I do if I have time, they like it.


----------



## Rick (Oct 7, 2010)

Mantids are designed to eat insects, not fruit. Never understood why this is even tried. Probably best to stick to the proper foods.


----------



## hibiscusmile (Oct 8, 2010)

We do it cause we figure if your walking around in the treetops in the jungle  you might step upon a smashed banana that the monkeys left behing in their eagerness to play with their friends instead of eating their supper, (with me so far?)  , and when u step in poo or something else, you have to wash off your toes, and what better way then to stick in mouth :lol: ! So then u get a little taste of banana (we hope is banana) and from then on out, you follow monkeys around waiting for the leftovers! :lol:


----------



## massaman (Oct 8, 2010)

Have even fed pieces of hamburger to mantids before and they like that too!


----------



## SSimsswiSS (Oct 8, 2010)

Rick said:


> Mantids are designed to eat insects, not fruit. Never understood why this is even tried. Probably best to stick to the proper foods.


I believe they take it in for the moisture content. Or possibly trace elements. It makes sense to me that rotting fruit attracts insects/food prey. So why not have a taste, while waiting for your next meal to fly by.


----------



## Colorcham427 (Oct 8, 2010)

This does make sense to me. How often would fruit flies or any sort of insect that feeds on sweet things, be around a rotten or squished (Rebecca  lol funny story) fruit?

Striking at a bug thats literally on a piece of rotten fruit? One way or another I am sure some time in the past 1,000 years a mantid has had the taste of a piece of fruit on their claws that they ended up cleaning off with their mouth.


----------



## hibiscusmile (Oct 8, 2010)

I say YUM! :tt2: u tell em Brian :lol:


----------



## PhilinYuma (Oct 9, 2010)

Son of a gun, Rebecca! You know that you're crazed and that seems to fit, together with a lot of work, with your mantis keeping, but see what you've done! Massaman is sharing his hamburgers with them, the guy with all the ssssss believes that bananas may contain trace elements (not sure which ones) and Brian thinks that all your mantises traipsing around in the tree tops makes sense to him. Brian, when they are not stepping in squishy fruit, they are probably stepping in bird droppings. Yum, love those trace elements!

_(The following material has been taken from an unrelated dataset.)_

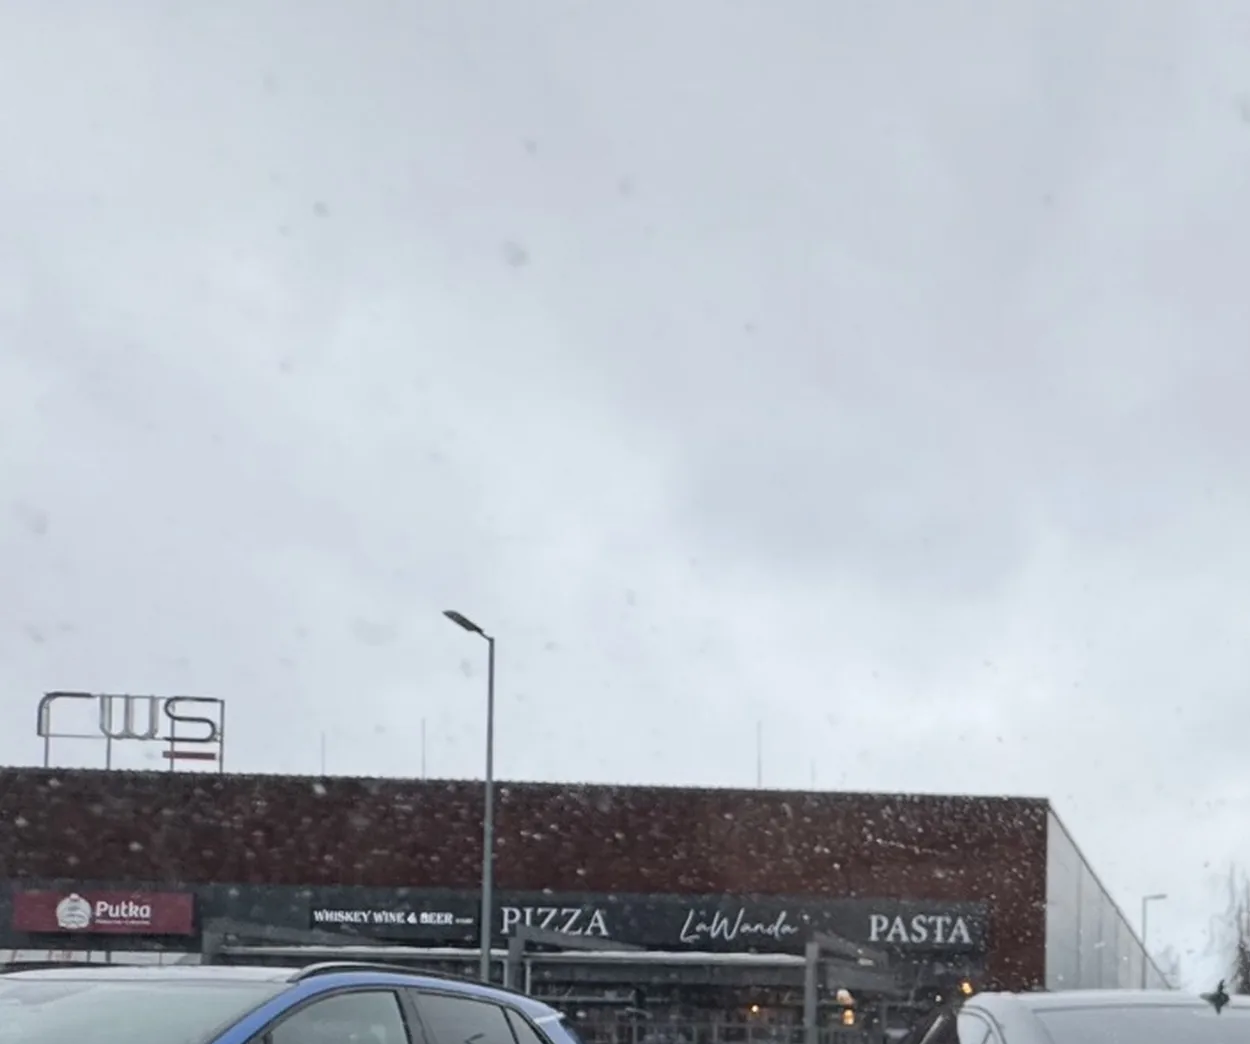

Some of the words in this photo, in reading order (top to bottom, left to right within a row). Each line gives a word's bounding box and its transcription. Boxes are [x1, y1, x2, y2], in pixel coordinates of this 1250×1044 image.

I am going to bed. I doubt that I shall sleep. Forgive them Great Mantis Goddess (BbYN), they know not what they do.


----------



## hibiscusmile (Oct 9, 2010)

I do believe I've gone Buggy Phil, but alas, there is little hope of recovering!


----------



## sporeworld (Oct 13, 2010)

I've given honey drops on the tip of chopsticks and every species I've had so far (14?) has eagerly gobbled it up. I've used it to encourage sick mantids to eat, as well. And if a mantis has refused it, they were invariably getting ready to molt.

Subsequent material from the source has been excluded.